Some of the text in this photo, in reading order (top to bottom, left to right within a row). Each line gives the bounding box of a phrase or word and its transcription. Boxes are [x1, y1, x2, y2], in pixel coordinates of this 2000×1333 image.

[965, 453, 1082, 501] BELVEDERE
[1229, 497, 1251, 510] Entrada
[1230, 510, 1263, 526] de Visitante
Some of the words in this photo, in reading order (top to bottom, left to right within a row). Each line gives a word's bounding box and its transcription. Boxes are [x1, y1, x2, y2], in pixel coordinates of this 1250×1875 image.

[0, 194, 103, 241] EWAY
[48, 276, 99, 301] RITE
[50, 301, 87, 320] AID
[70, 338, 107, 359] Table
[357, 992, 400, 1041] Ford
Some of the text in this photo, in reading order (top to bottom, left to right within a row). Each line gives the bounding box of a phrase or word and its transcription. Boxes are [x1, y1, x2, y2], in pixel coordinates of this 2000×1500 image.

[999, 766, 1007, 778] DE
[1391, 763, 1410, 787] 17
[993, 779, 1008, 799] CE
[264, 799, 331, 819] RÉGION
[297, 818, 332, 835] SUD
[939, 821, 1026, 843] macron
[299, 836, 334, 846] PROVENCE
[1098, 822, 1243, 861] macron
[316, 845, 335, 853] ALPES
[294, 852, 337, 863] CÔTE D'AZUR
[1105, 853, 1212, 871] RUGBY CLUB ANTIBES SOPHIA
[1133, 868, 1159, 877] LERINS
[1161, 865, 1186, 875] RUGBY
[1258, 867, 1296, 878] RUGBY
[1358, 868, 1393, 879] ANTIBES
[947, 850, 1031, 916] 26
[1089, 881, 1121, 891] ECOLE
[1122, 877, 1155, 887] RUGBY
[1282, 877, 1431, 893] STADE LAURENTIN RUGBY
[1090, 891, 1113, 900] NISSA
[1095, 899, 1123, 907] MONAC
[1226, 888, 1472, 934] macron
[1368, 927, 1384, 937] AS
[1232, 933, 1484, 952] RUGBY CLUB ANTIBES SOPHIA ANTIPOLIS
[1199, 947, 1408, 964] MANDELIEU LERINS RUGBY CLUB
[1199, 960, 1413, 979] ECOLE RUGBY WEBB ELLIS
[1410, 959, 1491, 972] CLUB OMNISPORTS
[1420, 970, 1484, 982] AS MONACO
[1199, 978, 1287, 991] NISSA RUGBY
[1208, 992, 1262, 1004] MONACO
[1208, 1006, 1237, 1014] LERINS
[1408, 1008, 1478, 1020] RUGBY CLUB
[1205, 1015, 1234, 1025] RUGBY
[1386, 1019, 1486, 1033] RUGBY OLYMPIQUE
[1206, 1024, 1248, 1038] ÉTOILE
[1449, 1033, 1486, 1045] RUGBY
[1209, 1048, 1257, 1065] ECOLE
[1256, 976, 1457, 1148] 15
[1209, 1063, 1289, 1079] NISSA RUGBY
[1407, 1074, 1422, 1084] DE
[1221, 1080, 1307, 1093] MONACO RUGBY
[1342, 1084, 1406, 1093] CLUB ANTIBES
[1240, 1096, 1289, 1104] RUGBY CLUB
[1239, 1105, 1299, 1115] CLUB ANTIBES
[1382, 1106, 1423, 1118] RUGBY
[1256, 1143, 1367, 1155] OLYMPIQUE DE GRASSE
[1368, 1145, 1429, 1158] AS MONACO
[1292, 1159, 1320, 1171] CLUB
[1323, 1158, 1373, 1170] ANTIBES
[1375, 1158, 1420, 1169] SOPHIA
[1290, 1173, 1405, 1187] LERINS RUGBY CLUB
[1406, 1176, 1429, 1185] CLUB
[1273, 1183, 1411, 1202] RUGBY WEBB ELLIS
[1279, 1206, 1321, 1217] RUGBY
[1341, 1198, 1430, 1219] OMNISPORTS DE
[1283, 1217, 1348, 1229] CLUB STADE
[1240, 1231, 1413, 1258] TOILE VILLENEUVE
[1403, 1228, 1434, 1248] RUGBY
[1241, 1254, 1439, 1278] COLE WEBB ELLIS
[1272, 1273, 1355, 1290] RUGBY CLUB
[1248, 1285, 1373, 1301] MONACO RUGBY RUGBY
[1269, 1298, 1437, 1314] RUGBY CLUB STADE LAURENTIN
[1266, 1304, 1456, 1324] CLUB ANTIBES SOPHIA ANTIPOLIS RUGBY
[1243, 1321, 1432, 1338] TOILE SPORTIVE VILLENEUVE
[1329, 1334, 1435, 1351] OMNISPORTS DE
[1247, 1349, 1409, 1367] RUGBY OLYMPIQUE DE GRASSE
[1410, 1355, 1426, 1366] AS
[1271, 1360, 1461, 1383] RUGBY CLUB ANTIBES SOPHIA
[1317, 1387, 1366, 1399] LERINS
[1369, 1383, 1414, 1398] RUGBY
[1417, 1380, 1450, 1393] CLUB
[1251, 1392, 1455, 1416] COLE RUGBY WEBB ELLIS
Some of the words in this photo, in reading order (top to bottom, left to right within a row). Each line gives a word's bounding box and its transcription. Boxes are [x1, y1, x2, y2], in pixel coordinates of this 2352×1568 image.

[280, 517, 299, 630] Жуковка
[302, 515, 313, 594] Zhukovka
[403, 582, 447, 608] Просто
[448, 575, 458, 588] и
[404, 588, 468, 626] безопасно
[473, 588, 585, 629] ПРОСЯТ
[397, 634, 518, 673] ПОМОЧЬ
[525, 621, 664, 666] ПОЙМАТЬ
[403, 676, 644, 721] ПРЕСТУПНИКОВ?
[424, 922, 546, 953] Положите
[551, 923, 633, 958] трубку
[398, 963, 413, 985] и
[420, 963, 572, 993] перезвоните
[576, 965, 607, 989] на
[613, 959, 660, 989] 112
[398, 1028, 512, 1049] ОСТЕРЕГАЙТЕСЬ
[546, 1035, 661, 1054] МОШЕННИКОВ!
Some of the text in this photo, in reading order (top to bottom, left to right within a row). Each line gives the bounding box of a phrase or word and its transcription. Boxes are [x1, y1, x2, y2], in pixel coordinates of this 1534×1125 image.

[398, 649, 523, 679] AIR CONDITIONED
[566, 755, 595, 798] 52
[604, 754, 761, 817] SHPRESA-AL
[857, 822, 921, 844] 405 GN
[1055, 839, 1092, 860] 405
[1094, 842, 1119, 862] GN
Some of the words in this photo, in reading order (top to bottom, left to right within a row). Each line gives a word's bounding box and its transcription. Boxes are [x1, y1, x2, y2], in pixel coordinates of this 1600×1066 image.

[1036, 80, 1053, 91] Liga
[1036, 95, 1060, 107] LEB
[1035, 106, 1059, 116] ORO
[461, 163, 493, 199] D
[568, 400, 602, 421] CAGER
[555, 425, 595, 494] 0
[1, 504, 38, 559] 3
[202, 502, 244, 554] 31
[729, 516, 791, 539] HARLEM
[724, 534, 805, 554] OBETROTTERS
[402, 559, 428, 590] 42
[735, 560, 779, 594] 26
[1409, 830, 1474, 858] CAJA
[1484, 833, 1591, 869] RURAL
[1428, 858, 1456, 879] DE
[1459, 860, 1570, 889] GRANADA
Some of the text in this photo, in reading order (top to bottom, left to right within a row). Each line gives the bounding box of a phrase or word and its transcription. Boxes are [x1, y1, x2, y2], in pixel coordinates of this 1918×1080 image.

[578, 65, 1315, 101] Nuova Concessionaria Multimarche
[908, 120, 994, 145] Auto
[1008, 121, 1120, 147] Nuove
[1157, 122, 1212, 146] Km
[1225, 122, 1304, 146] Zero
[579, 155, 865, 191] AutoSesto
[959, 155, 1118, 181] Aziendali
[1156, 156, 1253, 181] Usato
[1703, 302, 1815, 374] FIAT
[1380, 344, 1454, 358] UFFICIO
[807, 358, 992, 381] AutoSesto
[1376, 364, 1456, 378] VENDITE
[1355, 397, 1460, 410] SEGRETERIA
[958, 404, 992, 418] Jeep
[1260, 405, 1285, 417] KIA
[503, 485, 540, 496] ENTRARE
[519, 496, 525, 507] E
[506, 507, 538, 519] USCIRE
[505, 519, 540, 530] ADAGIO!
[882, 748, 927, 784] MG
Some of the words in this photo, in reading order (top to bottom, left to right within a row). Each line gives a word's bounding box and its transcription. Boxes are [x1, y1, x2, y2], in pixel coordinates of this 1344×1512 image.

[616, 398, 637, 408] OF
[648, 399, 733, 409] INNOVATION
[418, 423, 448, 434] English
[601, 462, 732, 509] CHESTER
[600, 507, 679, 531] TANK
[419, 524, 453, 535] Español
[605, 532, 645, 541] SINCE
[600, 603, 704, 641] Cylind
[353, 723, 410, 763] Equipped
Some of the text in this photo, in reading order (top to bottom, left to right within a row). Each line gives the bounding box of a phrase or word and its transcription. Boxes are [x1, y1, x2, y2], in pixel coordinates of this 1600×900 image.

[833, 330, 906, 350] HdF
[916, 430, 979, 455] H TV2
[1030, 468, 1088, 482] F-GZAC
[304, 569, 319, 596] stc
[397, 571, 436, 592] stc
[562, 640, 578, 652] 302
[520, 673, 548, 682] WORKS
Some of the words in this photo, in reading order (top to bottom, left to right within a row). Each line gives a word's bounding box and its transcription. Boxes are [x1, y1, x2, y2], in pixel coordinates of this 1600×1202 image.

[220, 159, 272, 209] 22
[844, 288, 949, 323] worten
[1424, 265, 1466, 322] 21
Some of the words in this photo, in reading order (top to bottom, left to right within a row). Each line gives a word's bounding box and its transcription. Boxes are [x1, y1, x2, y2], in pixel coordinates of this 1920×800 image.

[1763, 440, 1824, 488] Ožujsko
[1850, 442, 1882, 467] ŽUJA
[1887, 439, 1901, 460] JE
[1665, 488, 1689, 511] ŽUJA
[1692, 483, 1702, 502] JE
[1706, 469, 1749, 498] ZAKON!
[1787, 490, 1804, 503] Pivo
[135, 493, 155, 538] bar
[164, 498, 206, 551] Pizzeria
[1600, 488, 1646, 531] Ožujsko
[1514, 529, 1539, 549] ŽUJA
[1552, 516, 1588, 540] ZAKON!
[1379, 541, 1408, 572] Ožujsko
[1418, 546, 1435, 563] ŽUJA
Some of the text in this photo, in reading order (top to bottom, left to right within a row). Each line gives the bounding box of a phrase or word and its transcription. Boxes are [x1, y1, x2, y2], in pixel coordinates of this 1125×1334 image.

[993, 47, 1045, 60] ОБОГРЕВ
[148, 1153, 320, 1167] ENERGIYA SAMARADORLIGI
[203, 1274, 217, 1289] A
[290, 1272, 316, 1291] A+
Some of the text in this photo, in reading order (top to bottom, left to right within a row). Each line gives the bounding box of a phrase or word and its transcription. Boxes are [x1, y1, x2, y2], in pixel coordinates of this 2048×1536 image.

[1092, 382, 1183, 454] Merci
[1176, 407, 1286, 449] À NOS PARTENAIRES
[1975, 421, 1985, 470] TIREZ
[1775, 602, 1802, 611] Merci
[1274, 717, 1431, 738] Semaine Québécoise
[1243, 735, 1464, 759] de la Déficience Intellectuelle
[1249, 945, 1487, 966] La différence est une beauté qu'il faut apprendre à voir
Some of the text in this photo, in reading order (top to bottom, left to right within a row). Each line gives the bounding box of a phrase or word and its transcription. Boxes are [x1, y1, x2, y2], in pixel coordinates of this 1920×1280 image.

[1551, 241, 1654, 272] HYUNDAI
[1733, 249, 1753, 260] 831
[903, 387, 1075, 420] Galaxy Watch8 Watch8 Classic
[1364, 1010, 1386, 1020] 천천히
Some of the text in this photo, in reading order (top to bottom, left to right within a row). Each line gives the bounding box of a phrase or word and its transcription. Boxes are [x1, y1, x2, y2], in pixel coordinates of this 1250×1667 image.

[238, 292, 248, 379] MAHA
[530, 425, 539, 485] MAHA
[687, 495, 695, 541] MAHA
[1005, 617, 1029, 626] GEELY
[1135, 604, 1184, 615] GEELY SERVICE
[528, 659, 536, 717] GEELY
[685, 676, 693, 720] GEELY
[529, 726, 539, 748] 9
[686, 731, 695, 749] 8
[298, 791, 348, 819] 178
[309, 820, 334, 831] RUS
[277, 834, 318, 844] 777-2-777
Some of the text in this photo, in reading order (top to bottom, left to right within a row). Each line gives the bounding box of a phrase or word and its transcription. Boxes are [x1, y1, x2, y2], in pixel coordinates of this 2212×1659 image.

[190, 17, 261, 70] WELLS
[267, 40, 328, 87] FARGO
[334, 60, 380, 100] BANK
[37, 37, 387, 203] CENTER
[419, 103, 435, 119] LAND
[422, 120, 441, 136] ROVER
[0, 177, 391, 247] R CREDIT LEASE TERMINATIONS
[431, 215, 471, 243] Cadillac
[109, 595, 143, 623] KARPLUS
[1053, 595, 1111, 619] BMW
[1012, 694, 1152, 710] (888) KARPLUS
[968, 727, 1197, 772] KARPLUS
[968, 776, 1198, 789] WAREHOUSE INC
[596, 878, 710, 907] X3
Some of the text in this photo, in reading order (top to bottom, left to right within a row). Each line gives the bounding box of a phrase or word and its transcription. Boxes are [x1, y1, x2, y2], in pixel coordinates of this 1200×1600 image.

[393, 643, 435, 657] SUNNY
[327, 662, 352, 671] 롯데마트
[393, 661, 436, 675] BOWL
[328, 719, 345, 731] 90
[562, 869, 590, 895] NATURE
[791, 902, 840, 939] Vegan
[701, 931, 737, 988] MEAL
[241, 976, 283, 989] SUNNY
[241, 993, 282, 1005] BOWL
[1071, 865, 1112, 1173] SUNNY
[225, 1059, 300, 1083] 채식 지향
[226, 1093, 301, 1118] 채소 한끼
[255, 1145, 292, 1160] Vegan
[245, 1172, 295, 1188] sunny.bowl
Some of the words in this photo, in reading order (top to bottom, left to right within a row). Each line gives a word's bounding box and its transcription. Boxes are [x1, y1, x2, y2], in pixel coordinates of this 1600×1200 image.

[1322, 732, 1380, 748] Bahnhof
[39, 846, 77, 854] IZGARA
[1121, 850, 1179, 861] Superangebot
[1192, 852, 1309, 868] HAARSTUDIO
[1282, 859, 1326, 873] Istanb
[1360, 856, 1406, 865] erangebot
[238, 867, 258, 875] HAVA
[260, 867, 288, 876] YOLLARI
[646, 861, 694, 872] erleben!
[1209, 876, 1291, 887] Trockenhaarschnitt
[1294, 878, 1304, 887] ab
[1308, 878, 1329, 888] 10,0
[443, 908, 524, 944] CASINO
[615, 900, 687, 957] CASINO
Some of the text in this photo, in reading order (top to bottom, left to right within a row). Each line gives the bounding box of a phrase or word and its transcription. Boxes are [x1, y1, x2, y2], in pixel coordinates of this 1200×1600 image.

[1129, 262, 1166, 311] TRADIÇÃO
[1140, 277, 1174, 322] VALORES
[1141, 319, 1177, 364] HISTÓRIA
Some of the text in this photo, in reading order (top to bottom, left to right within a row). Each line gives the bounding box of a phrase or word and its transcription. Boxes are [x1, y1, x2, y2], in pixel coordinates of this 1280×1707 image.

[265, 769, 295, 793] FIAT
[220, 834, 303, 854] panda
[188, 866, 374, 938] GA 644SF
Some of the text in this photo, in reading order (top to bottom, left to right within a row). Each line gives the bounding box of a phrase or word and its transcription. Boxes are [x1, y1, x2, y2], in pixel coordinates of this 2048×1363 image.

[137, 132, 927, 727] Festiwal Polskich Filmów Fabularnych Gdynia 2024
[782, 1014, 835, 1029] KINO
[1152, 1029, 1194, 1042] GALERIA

========================

INSTRUCTIONS TO FOLLOW
Nothing but the lines from the one with "this 1600×1200 image." through the final line of the data belongs in the answer, and they must match exactly.

SOLUTION FOR THIS TASK
Some of the words in this photo, in reading order (top to bottom, left to right within a row). Each line gives a word's bounding box and its transcription. Boxes are [x1, y1, x2, y2], in pixel coordinates of this 1600×1200 image.

[1322, 732, 1380, 748] Bahnhof
[39, 846, 77, 854] IZGARA
[1121, 850, 1179, 861] Superangebot
[1192, 852, 1309, 868] HAARSTUDIO
[1282, 859, 1326, 873] Istanb
[1360, 856, 1406, 865] erangebot
[238, 867, 258, 875] HAVA
[260, 867, 288, 876] YOLLARI
[646, 861, 694, 872] erleben!
[1209, 876, 1291, 887] Trockenhaarschnitt
[1294, 878, 1304, 887] ab
[1308, 878, 1329, 888] 10,0
[443, 908, 524, 944] CASINO
[615, 900, 687, 957] CASINO
Some of the text in this photo, in reading order (top to bottom, left to right within a row). Each line gives the bounding box of a phrase or word and its transcription. Boxes are [x1, y1, x2, y2], in pixel coordinates of this 1200×1600 image.

[1129, 262, 1166, 311] TRADIÇÃO
[1140, 277, 1174, 322] VALORES
[1141, 319, 1177, 364] HISTÓRIA
Some of the text in this photo, in reading order (top to bottom, left to right within a row). Each line gives the bounding box of a phrase or word and its transcription. Boxes are [x1, y1, x2, y2], in pixel coordinates of this 1280×1707 image.

[265, 769, 295, 793] FIAT
[220, 834, 303, 854] panda
[188, 866, 374, 938] GA 644SF
Some of the text in this photo, in reading order (top to bottom, left to right within a row). Each line gives the bounding box of a phrase or word and its transcription. Boxes are [x1, y1, x2, y2], in pixel coordinates of this 2048×1363 image.

[137, 132, 927, 727] Festiwal Polskich Filmów Fabularnych Gdynia 2024
[782, 1014, 835, 1029] KINO
[1152, 1029, 1194, 1042] GALERIA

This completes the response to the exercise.